**How to complete this task**
Repeat the whole of the data, keeping every detail the same.

[Saved entries]
┏━━

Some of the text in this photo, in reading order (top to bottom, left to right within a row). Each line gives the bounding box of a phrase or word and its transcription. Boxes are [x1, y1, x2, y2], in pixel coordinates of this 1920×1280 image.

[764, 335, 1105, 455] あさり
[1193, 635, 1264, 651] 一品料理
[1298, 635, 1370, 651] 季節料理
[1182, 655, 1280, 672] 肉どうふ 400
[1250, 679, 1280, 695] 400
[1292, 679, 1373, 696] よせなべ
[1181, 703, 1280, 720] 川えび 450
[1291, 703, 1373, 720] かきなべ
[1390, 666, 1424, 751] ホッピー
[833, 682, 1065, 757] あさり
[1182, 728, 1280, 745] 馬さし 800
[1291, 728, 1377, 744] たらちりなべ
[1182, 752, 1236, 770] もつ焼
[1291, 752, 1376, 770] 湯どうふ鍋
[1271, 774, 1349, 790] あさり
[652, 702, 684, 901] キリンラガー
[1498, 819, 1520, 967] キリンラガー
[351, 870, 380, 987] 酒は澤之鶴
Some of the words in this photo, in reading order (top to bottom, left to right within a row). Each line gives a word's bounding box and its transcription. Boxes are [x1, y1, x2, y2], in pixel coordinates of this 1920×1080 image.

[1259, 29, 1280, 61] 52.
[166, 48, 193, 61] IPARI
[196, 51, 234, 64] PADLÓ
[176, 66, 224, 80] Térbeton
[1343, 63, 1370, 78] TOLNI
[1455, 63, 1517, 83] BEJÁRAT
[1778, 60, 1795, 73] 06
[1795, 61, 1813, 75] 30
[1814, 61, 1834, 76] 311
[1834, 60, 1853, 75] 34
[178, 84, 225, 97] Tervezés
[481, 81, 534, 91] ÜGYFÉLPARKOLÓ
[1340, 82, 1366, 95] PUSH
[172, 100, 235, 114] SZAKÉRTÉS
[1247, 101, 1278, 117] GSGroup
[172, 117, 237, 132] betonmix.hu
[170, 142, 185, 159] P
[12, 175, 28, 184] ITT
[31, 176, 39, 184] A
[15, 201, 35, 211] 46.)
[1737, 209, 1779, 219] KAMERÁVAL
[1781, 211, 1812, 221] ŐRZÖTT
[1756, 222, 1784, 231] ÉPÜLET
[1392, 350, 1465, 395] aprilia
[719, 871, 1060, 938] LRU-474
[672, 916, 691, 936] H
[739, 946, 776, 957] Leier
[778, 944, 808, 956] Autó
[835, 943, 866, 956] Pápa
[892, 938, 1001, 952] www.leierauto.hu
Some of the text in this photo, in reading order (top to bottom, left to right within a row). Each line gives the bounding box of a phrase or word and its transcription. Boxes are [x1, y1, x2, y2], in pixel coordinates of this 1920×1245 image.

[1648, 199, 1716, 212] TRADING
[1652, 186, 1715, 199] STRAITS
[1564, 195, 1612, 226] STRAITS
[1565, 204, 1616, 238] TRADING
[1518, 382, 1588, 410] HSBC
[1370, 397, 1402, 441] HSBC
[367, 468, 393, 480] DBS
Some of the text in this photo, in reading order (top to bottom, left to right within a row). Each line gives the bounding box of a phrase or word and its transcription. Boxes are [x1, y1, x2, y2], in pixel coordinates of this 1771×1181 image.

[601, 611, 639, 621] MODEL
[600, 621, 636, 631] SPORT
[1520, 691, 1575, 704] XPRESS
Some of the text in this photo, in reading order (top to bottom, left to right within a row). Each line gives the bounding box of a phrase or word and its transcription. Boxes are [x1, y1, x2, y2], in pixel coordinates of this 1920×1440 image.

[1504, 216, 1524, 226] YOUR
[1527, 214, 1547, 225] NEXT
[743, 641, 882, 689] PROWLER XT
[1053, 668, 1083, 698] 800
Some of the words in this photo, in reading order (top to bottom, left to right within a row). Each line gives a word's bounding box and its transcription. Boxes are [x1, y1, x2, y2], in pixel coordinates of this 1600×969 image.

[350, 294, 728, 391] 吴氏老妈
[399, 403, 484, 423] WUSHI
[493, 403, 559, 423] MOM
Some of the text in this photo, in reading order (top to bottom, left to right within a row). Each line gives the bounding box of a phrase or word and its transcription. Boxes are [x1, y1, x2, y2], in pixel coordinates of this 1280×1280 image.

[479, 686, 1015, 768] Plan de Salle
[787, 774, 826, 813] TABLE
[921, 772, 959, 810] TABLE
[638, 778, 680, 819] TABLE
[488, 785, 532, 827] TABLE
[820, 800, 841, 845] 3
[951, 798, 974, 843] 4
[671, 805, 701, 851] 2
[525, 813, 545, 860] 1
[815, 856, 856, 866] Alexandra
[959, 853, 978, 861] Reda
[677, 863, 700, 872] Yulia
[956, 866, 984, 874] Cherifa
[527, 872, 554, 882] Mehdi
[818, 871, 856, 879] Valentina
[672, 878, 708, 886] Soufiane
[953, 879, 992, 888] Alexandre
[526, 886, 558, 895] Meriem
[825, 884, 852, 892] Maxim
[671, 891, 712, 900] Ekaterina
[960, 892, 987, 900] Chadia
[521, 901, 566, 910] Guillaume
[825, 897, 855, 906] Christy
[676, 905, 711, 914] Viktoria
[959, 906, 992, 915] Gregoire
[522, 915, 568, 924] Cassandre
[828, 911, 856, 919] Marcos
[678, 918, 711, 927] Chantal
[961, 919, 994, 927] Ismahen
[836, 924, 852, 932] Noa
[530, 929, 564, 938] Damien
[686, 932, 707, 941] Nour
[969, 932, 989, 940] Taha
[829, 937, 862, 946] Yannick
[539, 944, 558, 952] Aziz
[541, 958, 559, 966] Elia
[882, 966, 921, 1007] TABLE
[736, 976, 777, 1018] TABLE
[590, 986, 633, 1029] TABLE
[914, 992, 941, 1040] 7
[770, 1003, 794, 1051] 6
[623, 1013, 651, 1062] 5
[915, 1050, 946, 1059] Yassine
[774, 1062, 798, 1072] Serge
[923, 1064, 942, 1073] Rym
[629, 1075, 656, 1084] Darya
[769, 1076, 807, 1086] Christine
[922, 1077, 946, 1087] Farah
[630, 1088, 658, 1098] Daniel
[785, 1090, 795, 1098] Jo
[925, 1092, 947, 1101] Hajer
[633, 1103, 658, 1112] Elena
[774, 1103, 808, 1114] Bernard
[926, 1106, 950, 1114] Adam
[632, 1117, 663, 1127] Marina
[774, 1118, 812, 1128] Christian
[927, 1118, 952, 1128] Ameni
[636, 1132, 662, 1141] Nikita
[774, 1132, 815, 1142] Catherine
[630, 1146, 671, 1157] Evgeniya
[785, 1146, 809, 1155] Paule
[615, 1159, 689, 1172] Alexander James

┗━━

**Response**
Some of the text in this photo, in reading order (top to bottom, left to right within a row). Each line gives the bounding box of a phrase or word and its transcription. Boxes are [x1, y1, x2, y2], in pixel coordinates of this 1920×1280 image.

[764, 335, 1105, 455] あさり
[1193, 635, 1264, 651] 一品料理
[1298, 635, 1370, 651] 季節料理
[1182, 655, 1280, 672] 肉どうふ 400
[1250, 679, 1280, 695] 400
[1292, 679, 1373, 696] よせなべ
[1181, 703, 1280, 720] 川えび 450
[1291, 703, 1373, 720] かきなべ
[1390, 666, 1424, 751] ホッピー
[833, 682, 1065, 757] あさり
[1182, 728, 1280, 745] 馬さし 800
[1291, 728, 1377, 744] たらちりなべ
[1182, 752, 1236, 770] もつ焼
[1291, 752, 1376, 770] 湯どうふ鍋
[1271, 774, 1349, 790] あさり
[652, 702, 684, 901] キリンラガー
[1498, 819, 1520, 967] キリンラガー
[351, 870, 380, 987] 酒は澤之鶴
Some of the words in this photo, in reading order (top to bottom, left to right within a row). Each line gives a word's bounding box and its transcription. Boxes are [x1, y1, x2, y2], in pixel coordinates of this 1920×1080 image.

[1259, 29, 1280, 61] 52.
[166, 48, 193, 61] IPARI
[196, 51, 234, 64] PADLÓ
[176, 66, 224, 80] Térbeton
[1343, 63, 1370, 78] TOLNI
[1455, 63, 1517, 83] BEJÁRAT
[1778, 60, 1795, 73] 06
[1795, 61, 1813, 75] 30
[1814, 61, 1834, 76] 311
[1834, 60, 1853, 75] 34
[178, 84, 225, 97] Tervezés
[481, 81, 534, 91] ÜGYFÉLPARKOLÓ
[1340, 82, 1366, 95] PUSH
[172, 100, 235, 114] SZAKÉRTÉS
[1247, 101, 1278, 117] GSGroup
[172, 117, 237, 132] betonmix.hu
[170, 142, 185, 159] P
[12, 175, 28, 184] ITT
[31, 176, 39, 184] A
[15, 201, 35, 211] 46.)
[1737, 209, 1779, 219] KAMERÁVAL
[1781, 211, 1812, 221] ŐRZÖTT
[1756, 222, 1784, 231] ÉPÜLET
[1392, 350, 1465, 395] aprilia
[719, 871, 1060, 938] LRU-474
[672, 916, 691, 936] H
[739, 946, 776, 957] Leier
[778, 944, 808, 956] Autó
[835, 943, 866, 956] Pápa
[892, 938, 1001, 952] www.leierauto.hu
Some of the text in this photo, in reading order (top to bottom, left to right within a row). Each line gives the bounding box of a phrase or word and its transcription. Boxes are [x1, y1, x2, y2], in pixel coordinates of this 1920×1245 image.

[1648, 199, 1716, 212] TRADING
[1652, 186, 1715, 199] STRAITS
[1564, 195, 1612, 226] STRAITS
[1565, 204, 1616, 238] TRADING
[1518, 382, 1588, 410] HSBC
[1370, 397, 1402, 441] HSBC
[367, 468, 393, 480] DBS
Some of the text in this photo, in reading order (top to bottom, left to right within a row). Each line gives the bounding box of a phrase or word and its transcription. Boxes are [x1, y1, x2, y2], in pixel coordinates of this 1771×1181 image.

[601, 611, 639, 621] MODEL
[600, 621, 636, 631] SPORT
[1520, 691, 1575, 704] XPRESS
Some of the text in this photo, in reading order (top to bottom, left to right within a row). Each line gives the bounding box of a phrase or word and its transcription. Boxes are [x1, y1, x2, y2], in pixel coordinates of this 1920×1440 image.

[1504, 216, 1524, 226] YOUR
[1527, 214, 1547, 225] NEXT
[743, 641, 882, 689] PROWLER XT
[1053, 668, 1083, 698] 800
Some of the words in this photo, in reading order (top to bottom, left to right within a row). Each line gives a word's bounding box and its transcription. Boxes are [x1, y1, x2, y2], in pixel coordinates of this 1600×969 image.

[350, 294, 728, 391] 吴氏老妈
[399, 403, 484, 423] WUSHI
[493, 403, 559, 423] MOM
Some of the text in this photo, in reading order (top to bottom, left to right within a row). Each line gives the bounding box of a phrase or word and its transcription. Boxes are [x1, y1, x2, y2], in pixel coordinates of this 1280×1280 image.

[479, 686, 1015, 768] Plan de Salle
[787, 774, 826, 813] TABLE
[921, 772, 959, 810] TABLE
[638, 778, 680, 819] TABLE
[488, 785, 532, 827] TABLE
[820, 800, 841, 845] 3
[951, 798, 974, 843] 4
[671, 805, 701, 851] 2
[525, 813, 545, 860] 1
[815, 856, 856, 866] Alexandra
[959, 853, 978, 861] Reda
[677, 863, 700, 872] Yulia
[956, 866, 984, 874] Cherifa
[527, 872, 554, 882] Mehdi
[818, 871, 856, 879] Valentina
[672, 878, 708, 886] Soufiane
[953, 879, 992, 888] Alexandre
[526, 886, 558, 895] Meriem
[825, 884, 852, 892] Maxim
[671, 891, 712, 900] Ekaterina
[960, 892, 987, 900] Chadia
[521, 901, 566, 910] Guillaume
[825, 897, 855, 906] Christy
[676, 905, 711, 914] Viktoria
[959, 906, 992, 915] Gregoire
[522, 915, 568, 924] Cassandre
[828, 911, 856, 919] Marcos
[678, 918, 711, 927] Chantal
[961, 919, 994, 927] Ismahen
[836, 924, 852, 932] Noa
[530, 929, 564, 938] Damien
[686, 932, 707, 941] Nour
[969, 932, 989, 940] Taha
[829, 937, 862, 946] Yannick
[539, 944, 558, 952] Aziz
[541, 958, 559, 966] Elia
[882, 966, 921, 1007] TABLE
[736, 976, 777, 1018] TABLE
[590, 986, 633, 1029] TABLE
[914, 992, 941, 1040] 7
[770, 1003, 794, 1051] 6
[623, 1013, 651, 1062] 5
[915, 1050, 946, 1059] Yassine
[774, 1062, 798, 1072] Serge
[923, 1064, 942, 1073] Rym
[629, 1075, 656, 1084] Darya
[769, 1076, 807, 1086] Christine
[922, 1077, 946, 1087] Farah
[630, 1088, 658, 1098] Daniel
[785, 1090, 795, 1098] Jo
[925, 1092, 947, 1101] Hajer
[633, 1103, 658, 1112] Elena
[774, 1103, 808, 1114] Bernard
[926, 1106, 950, 1114] Adam
[632, 1117, 663, 1127] Marina
[774, 1118, 812, 1128] Christian
[927, 1118, 952, 1128] Ameni
[636, 1132, 662, 1141] Nikita
[774, 1132, 815, 1142] Catherine
[630, 1146, 671, 1157] Evgeniya
[785, 1146, 809, 1155] Paule
[615, 1159, 689, 1172] Alexander James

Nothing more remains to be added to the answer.